The first part of our FUNemployed vacation took us to Steens Mountain for a few days of gorgeous (and I do mean GORGE-ous) hikes. The second part took us to Thompson Reservoir, Hager Mountain, and five geologic wonders in Lake County, Oregon...

1. Christmas Valley Sand Dunes - the largest shifting sand dunes in Oregon. Formed from ash and pumice when Mount Mazama erupted 7,000 years ago, these dunes are popular with ATVers but we managed to find a few without too many tracks spoiling the view...

the clouds were amazing too

2. Crack In The Ground - as the name suggests, it's a crack. In the ground. A 2+ mile crack that's up to 70 feet deep in places, in fact. The crack was formed by a volcanic fissure just 1,000 years ago. The mosses and colors found on the rocks were quite beautiful and photos don't really do it justice...

not for the claustrophobic

3. Fort Rock - an old tuff ring that's nearly a full circle, where a sea used to live. OSP's web site claims that "sandals found in a nearby cave are the oldest ever discovered, dating back around 9,000-13,000 years." Pretty cool! A trail takes you around the ring if you're so inclined...

to the west

to the east

4. Derrick Cave - a 30' high lava tube that we didn't actually get to see, because the road from Fort Rock is now private for liability reasons and the alternate route would have cost us several hours. Patrick visited the cave years ago and he promises it's worth seeing!

5. Hole-In-The-Ground - again, as the name suggests, it's a hole. In the ground. A mile-wide, 300-foot-deep hole, in fact, that was formed by a volcanic eruption 13,000-100,000 years ago (depending on who you ask). We were short on time so we didn't venture down, but I've seen comments from others that walking the path is the best way to appreciate the vastness of the hole...

neither meteorite landing, nor hellmouth

Also, not a geologic wonder but a pretty special place: the Lost Forest near the Sand Dunes. Ancient ponderosa pine survive on half the water their forest counterparts require. The Lost Forest covers a remarkable 9,000 acres (~14 mi2 for those of you who don't speak acreage), and is isolated from the nearest ponderosa pine forest by 40 miles, meaning it keeps itself alive just fine, thank you very much...

it also makes a great Subaru commerical

The rest of our trip was "W"-themed. For example, watchtowers! We braved thousands of ticks and mosquitoes to visit Hager Mountain's watchtower (okay, "lookout" if you must) and catch some nice panoramic views. The watchtower is one of just a handful still staffed during summer months for fire observation, and available to rent in winter months - as long as you're willing to snowshoe three miles up a mountain to get there. (Honestly, we'd probably have taken the snow over the ticks and mossies this time.)

and the wind began to howl

Another "W" on this trip - wildflowers! Most were observed on the Hager Mountain hike where the hills were alive with paintbrush, Oregon sunshine, and balsamroot.

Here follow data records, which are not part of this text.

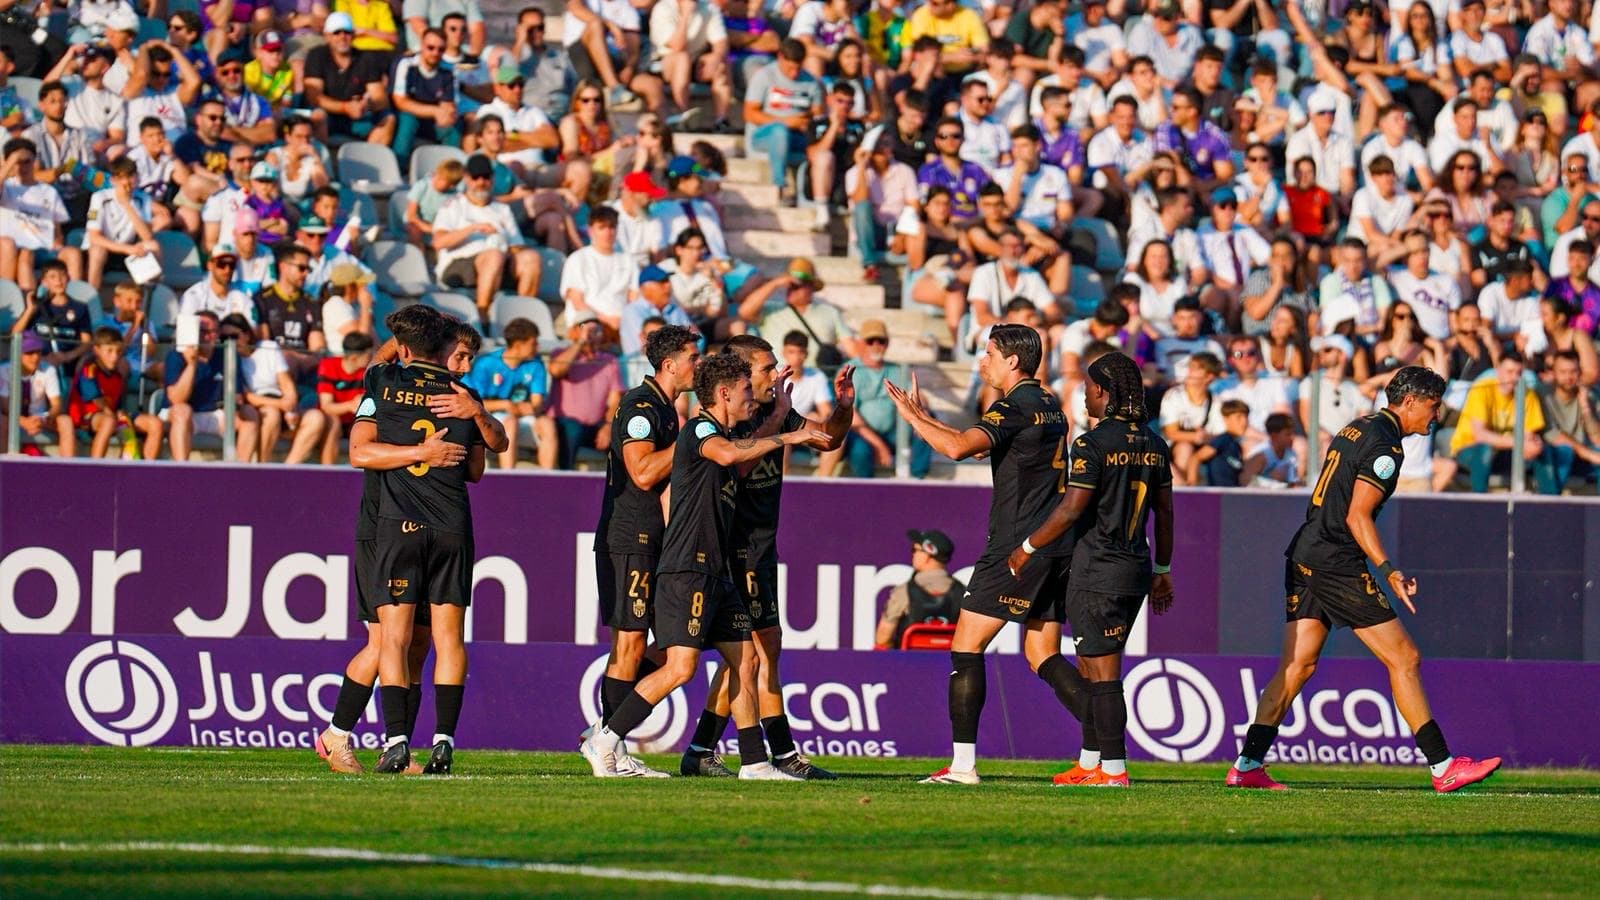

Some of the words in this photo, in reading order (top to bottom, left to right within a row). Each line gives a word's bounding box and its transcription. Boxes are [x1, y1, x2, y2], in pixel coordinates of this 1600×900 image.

[406, 418, 436, 477] 3
[1131, 480, 1148, 541] 7
[173, 525, 529, 645] Jan
[628, 570, 650, 599] 24
[746, 571, 759, 598] 6
[691, 591, 704, 618] 8
[190, 723, 389, 749] Instalacines
[1236, 739, 1429, 764] Istalaciones

kind of making up for all the ticks and mossies...

... kind of

Most interesting on this hike was the rare green-tinged paintbrush, native to Southern Oregon. According to a plaque at the top of the trail, 95 percent of this plant's population is found only in the Fremont National Forest! Very cool.

in bloom

And the final "W" was for wildlife. We passed through Hart Mountain National Antelope Refuge, which gave us some up-close and personal views of some truly stunning animals...

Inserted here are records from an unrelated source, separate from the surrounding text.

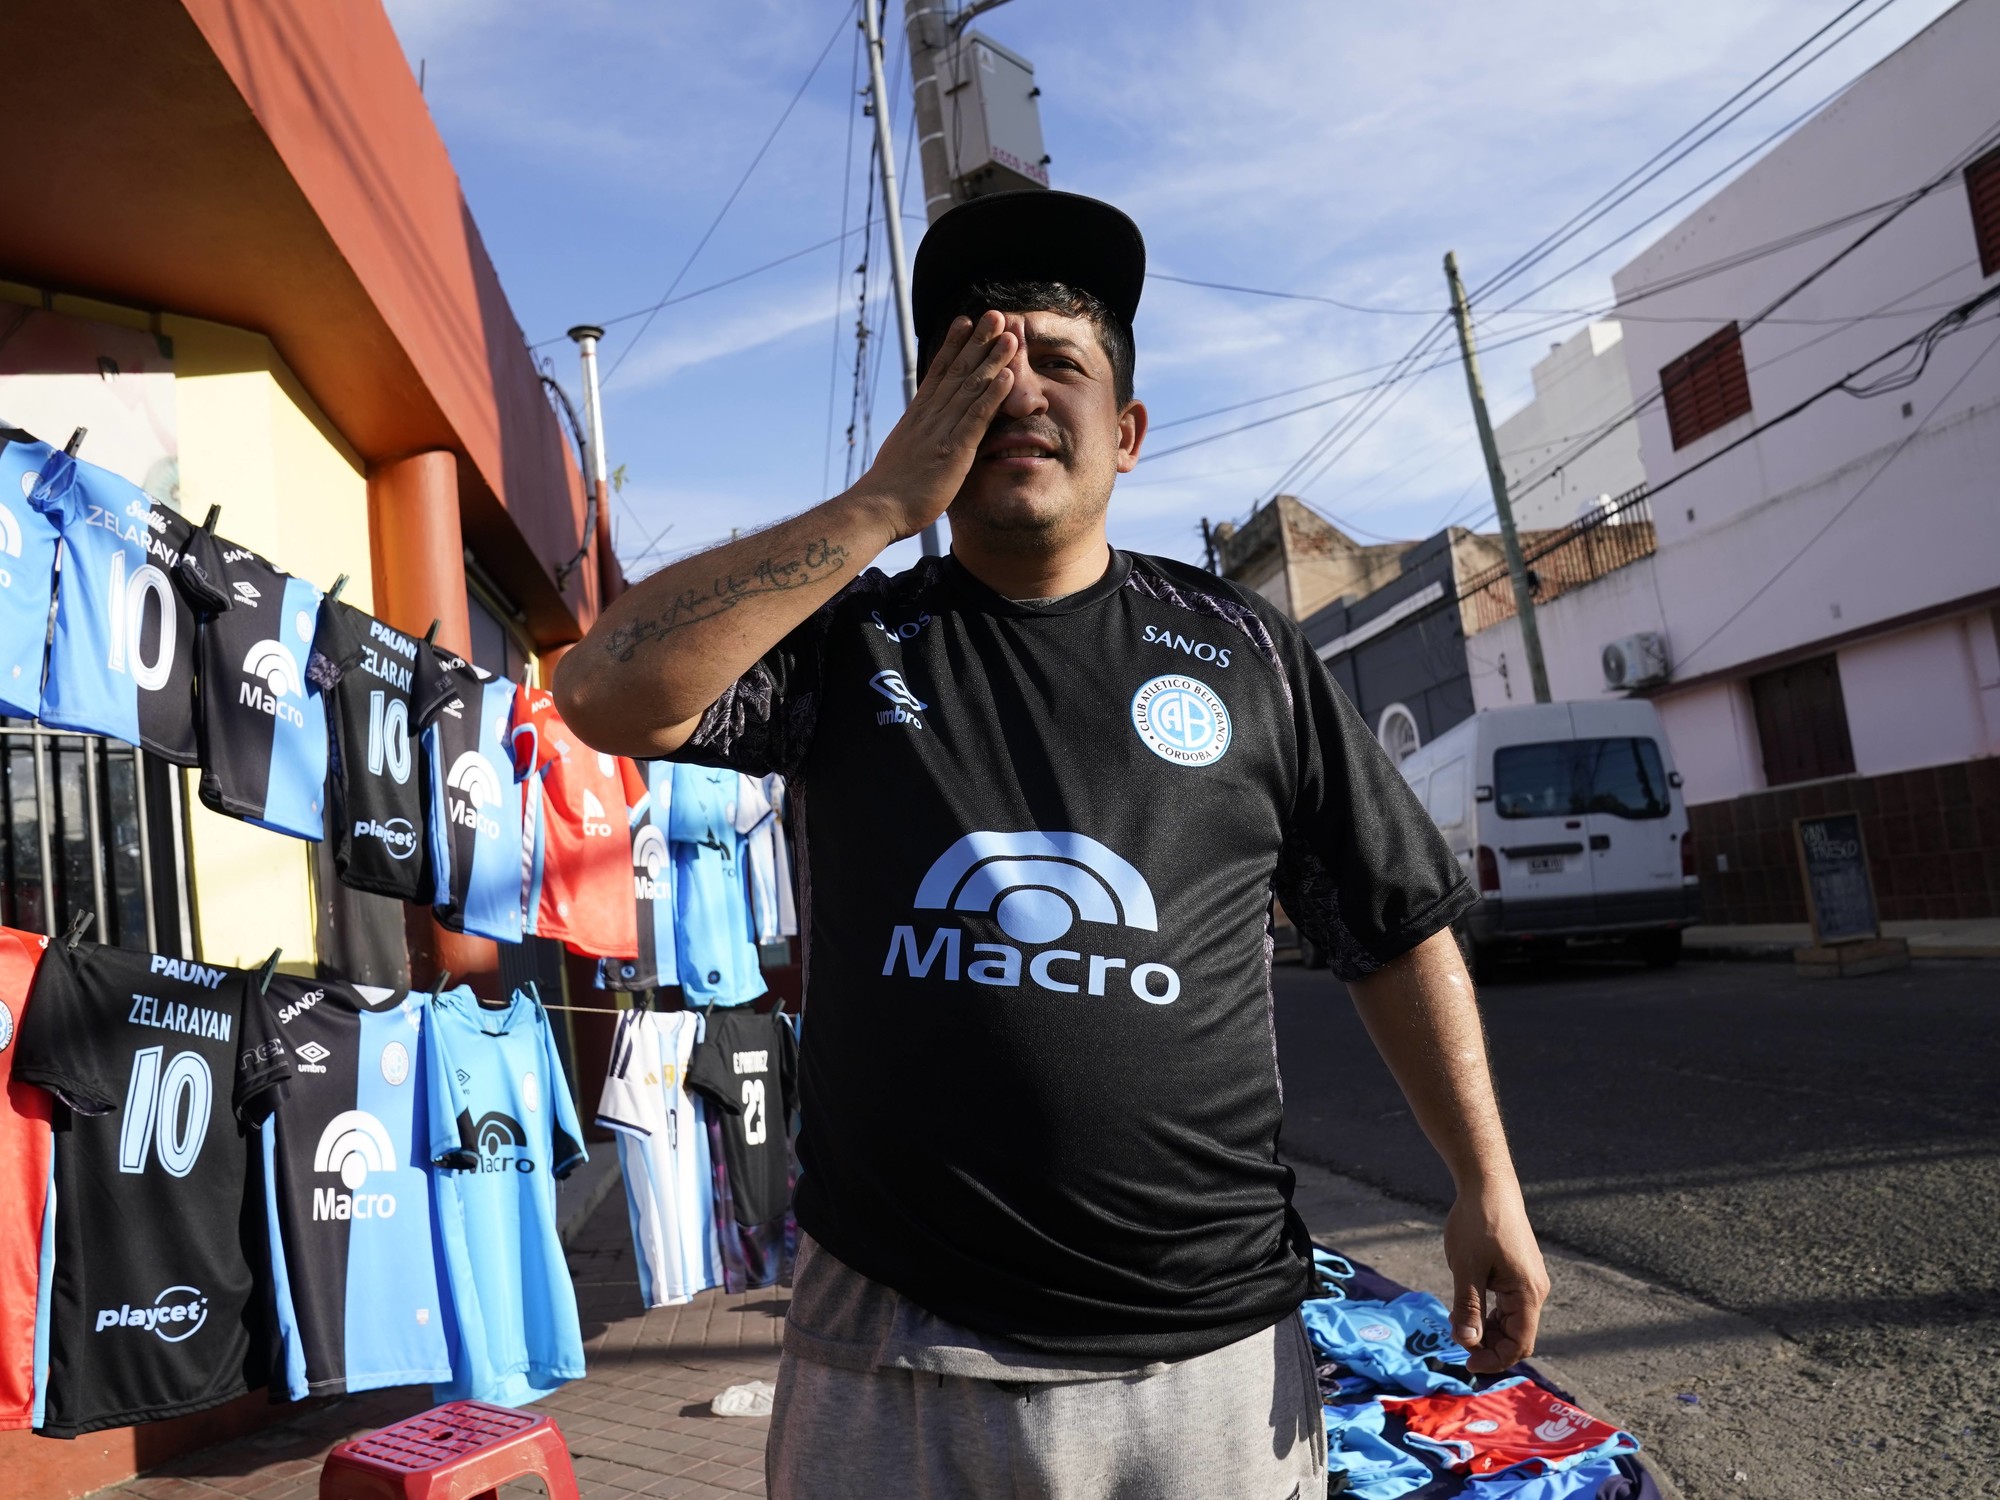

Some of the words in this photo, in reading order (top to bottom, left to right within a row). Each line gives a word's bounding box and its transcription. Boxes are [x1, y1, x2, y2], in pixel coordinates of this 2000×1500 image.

[86, 504, 179, 568] ZELARAY
[107, 549, 177, 691] 10
[370, 620, 418, 662] PAUNY
[1142, 625, 1232, 668] SANOS
[239, 681, 304, 729] Macro
[1141, 679, 1191, 703] ATLETICO
[877, 705, 923, 730] umbro
[1137, 703, 1150, 732] CLUB
[1194, 686, 1225, 743] BELGRANO
[368, 690, 412, 785] 10
[1157, 743, 1213, 761] CORDOBA
[449, 797, 500, 840] Macro
[150, 955, 227, 989] PAUNY
[881, 925, 1181, 1006] Macro
[128, 994, 232, 1042] ZELARAYAN
[278, 989, 325, 1024] SANOS
[298, 1063, 327, 1074] umbro
[119, 1045, 213, 1178] 10
[742, 1079, 767, 1146] 23
[312, 1187, 397, 1222] Macro
[95, 1301, 201, 1332] playcet

seldom is heard a discouraging word

and the skies are not cloudy all day

(Originally established in 1936 to protect pronghorn antelopes, the refuge now hosts over 300 species of wildlife and - this is rare - no domesticated livestock. There are also hot springs in the refuge, available free to the public, so in between being in awe of amazing creatures, we partook in a quick soak in a different kind of hole in the ground.)

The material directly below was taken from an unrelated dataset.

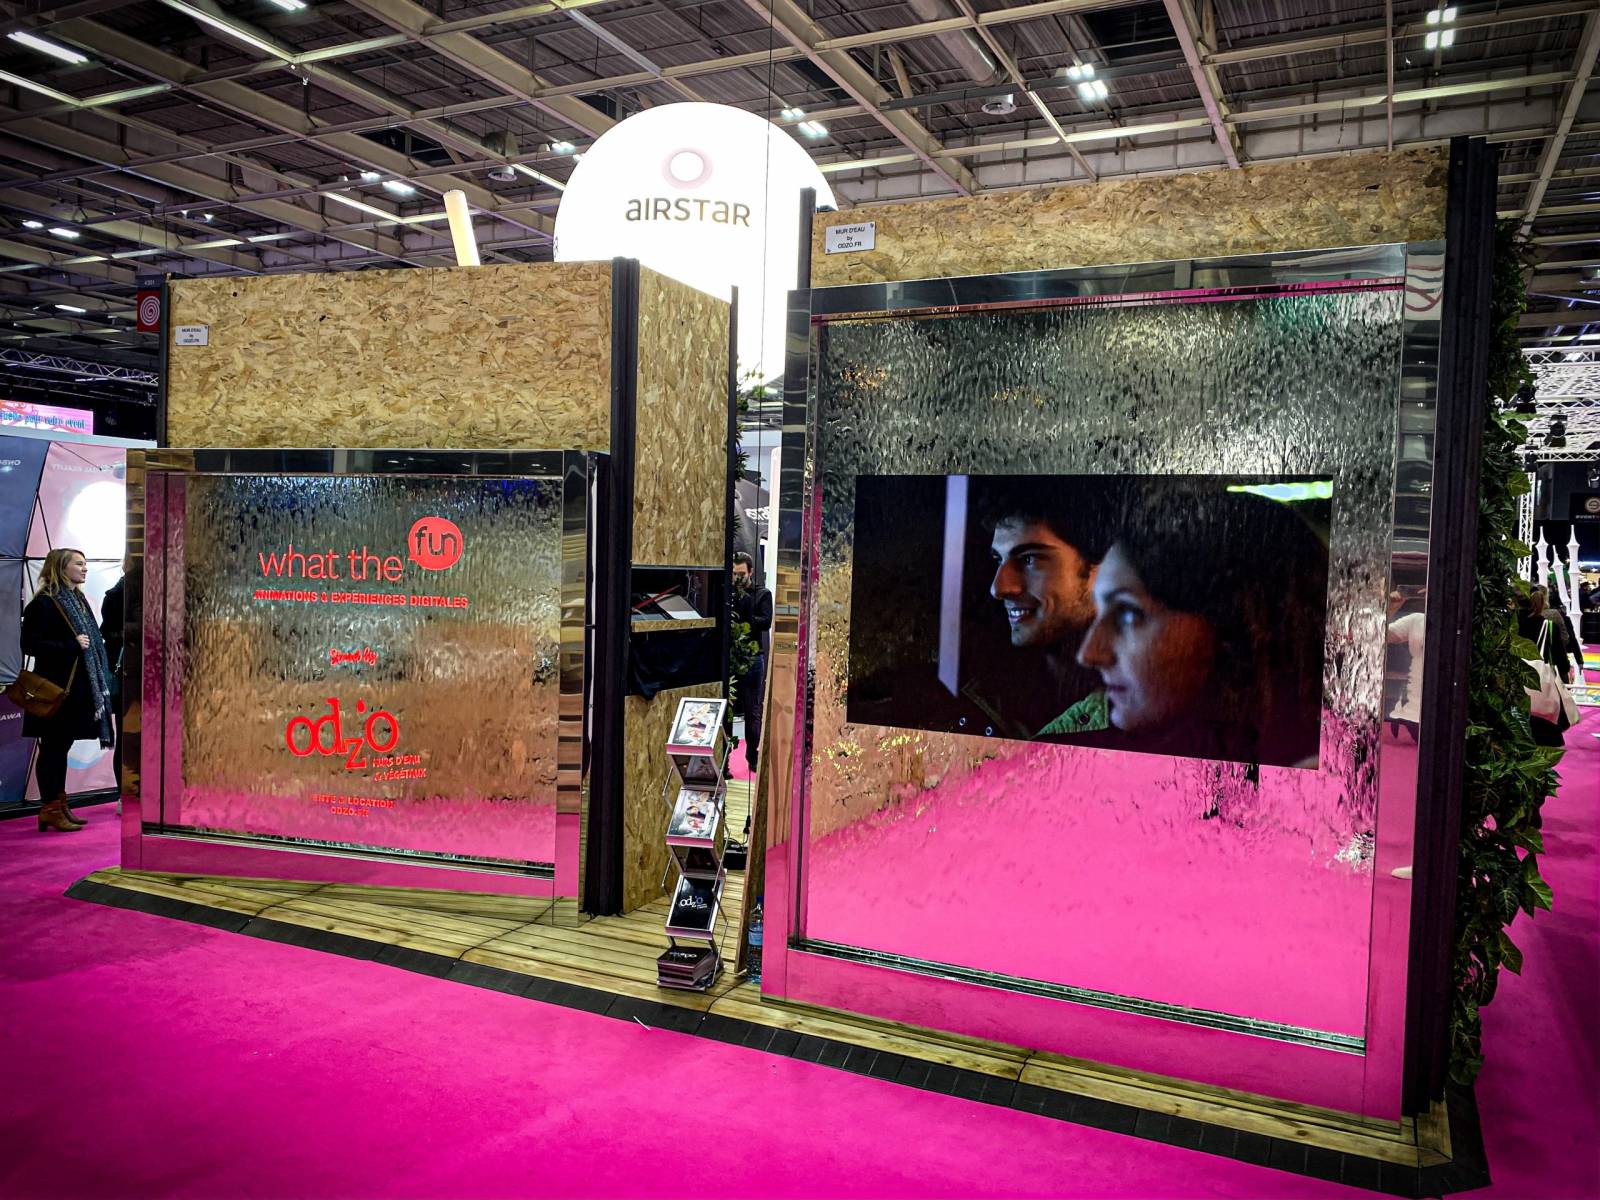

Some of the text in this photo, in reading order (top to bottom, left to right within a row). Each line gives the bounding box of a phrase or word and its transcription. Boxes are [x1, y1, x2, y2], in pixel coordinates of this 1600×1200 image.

[258, 526, 458, 581] what the fun
[253, 588, 318, 602] ANIMATIONS
[410, 596, 469, 609] DIGITALES
[347, 796, 395, 809] LOCATION

Anyway, back to wildlife... We were definitely still in ranchland, and cows count as wildlife to some people...

(and some cows, says Clarence)

And a very tenacious chipmunk spent the morning with us at Thompson Reservoir.


Not "W" related, here's a little on Thompson Reservoir's campground and camping in general... We drove through Thompson because it was close to things we wanted to explore. Reservoirs are not our favorite places to camp - only because they tend to attract boaters, and we don't like hearing boat engines all day/night - but we had a really good experience in Colorado last summer, and Thompson seemed like a quiet enough place so we thought we'd give it a shot.

Our first night, we had two neighbors who had settled on the other side of the spacious campground. We heard nothing but frogs, ducks, little brown birds, and water lapping at the shore all evening. The sunset over the reservoir was lovely and the stars came out in full force.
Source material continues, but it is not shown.